What to work on: Only the pictures should be left out; write out all other data exactly.

Provided information:
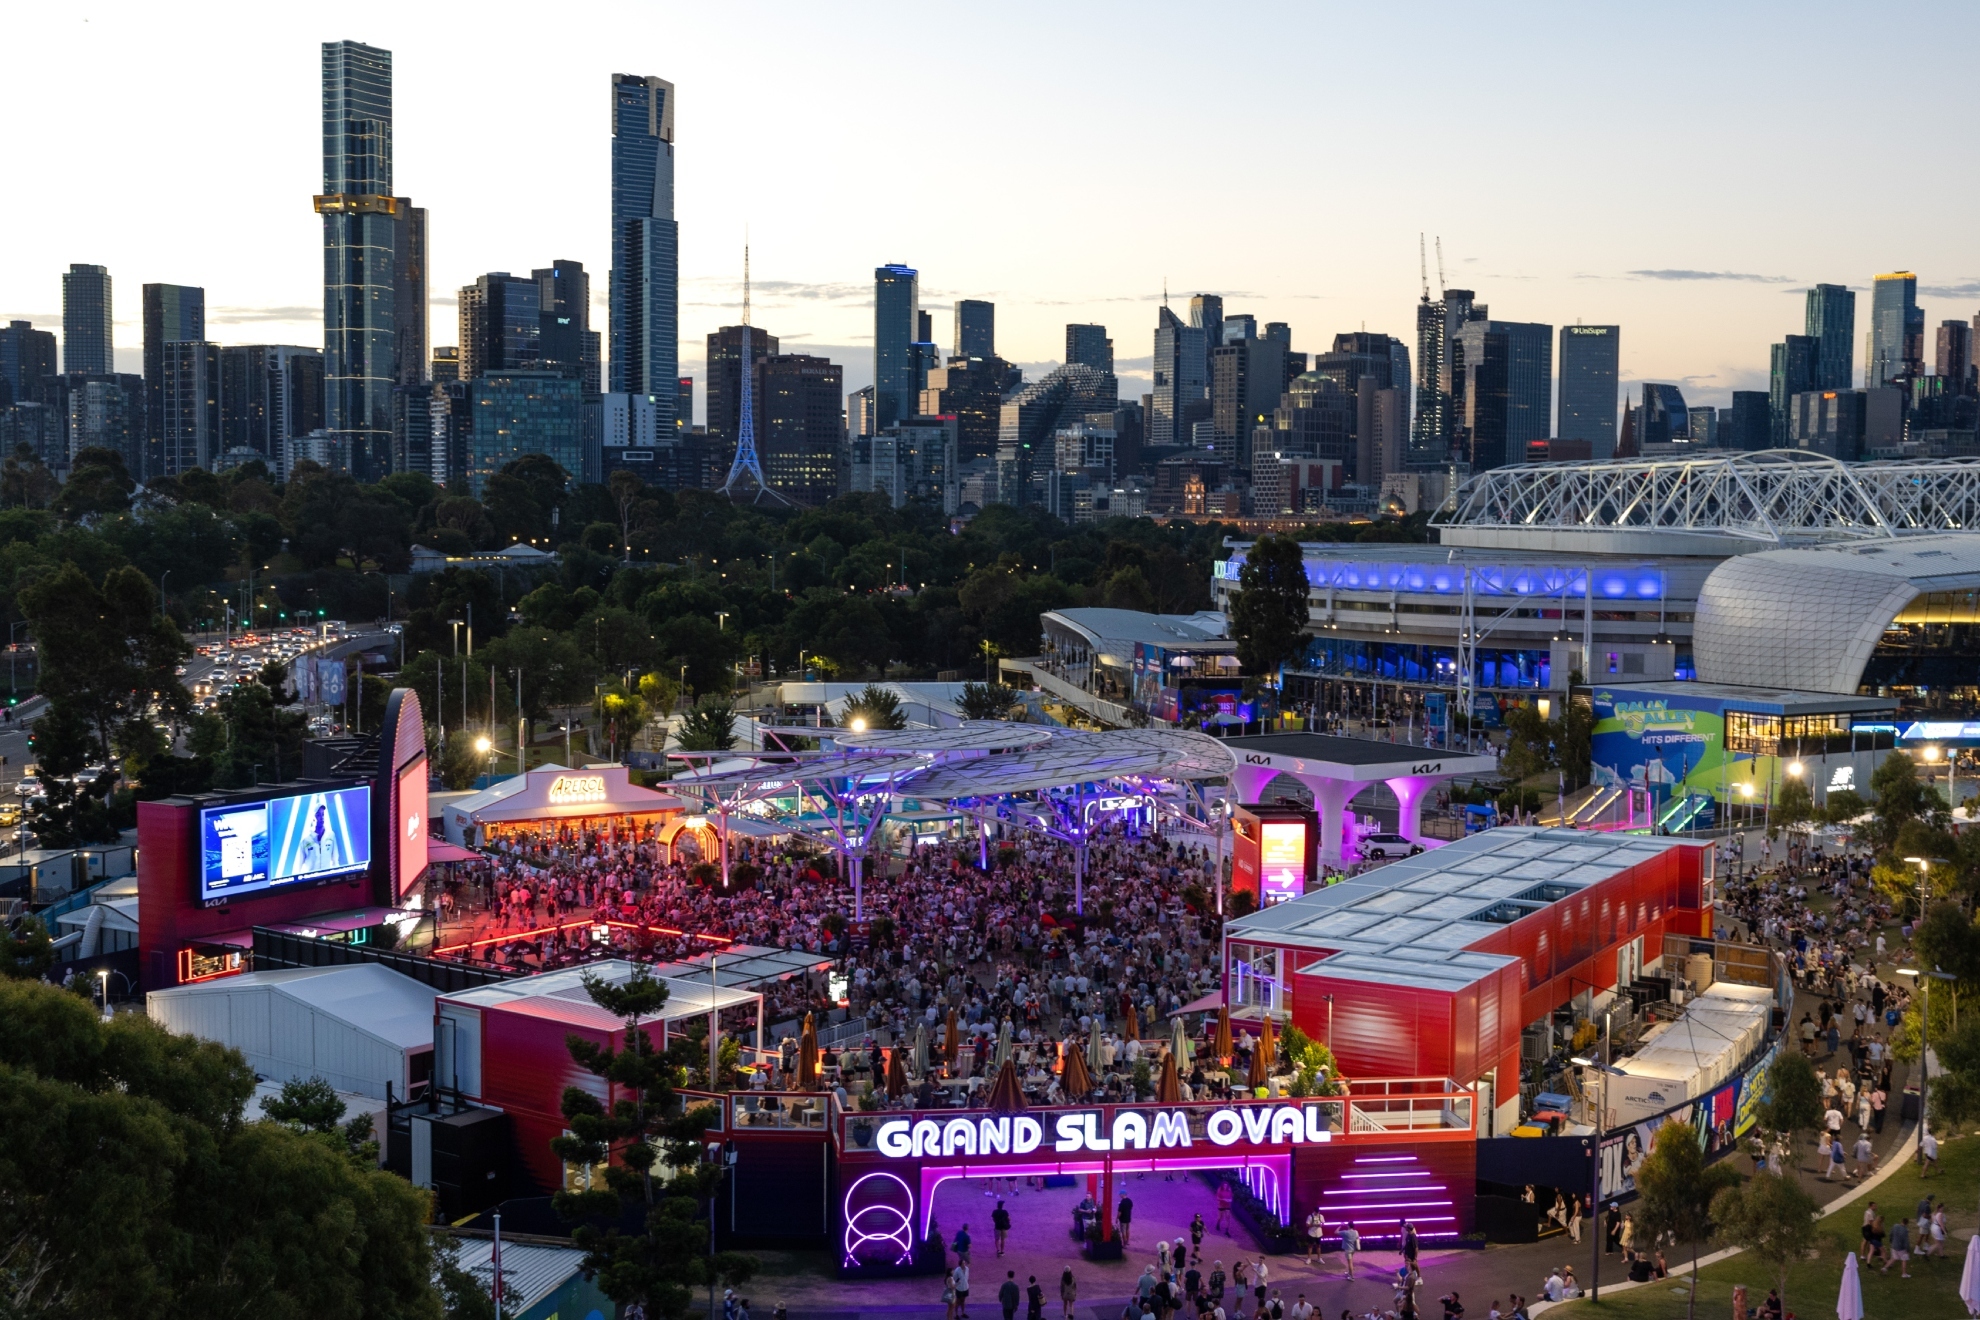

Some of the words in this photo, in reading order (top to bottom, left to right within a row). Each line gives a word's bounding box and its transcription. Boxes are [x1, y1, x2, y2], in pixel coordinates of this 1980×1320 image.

[1579, 327, 1607, 336] UniSuper
[1615, 700, 1668, 714] RALLY
[1644, 710, 1697, 724] ALLEY
[1641, 736, 1662, 745] HITS
[1664, 733, 1716, 744] DIFFERENT
[551, 777, 604, 795] APEROL
[876, 1116, 1042, 1158] GRAND
[1055, 1111, 1192, 1152] SLAM
[1207, 1106, 1331, 1146] OVAL

Expected answer:
Some of the words in this photo, in reading order (top to bottom, left to right within a row). Each line gives a word's bounding box and its transcription. Boxes are [x1, y1, x2, y2], in pixel coordinates of this 1980×1320 image.

[1579, 327, 1607, 336] UniSuper
[1615, 700, 1668, 714] RALLY
[1644, 710, 1697, 724] ALLEY
[1641, 736, 1662, 745] HITS
[1664, 733, 1716, 744] DIFFERENT
[551, 777, 604, 795] APEROL
[876, 1116, 1042, 1158] GRAND
[1055, 1111, 1192, 1152] SLAM
[1207, 1106, 1331, 1146] OVAL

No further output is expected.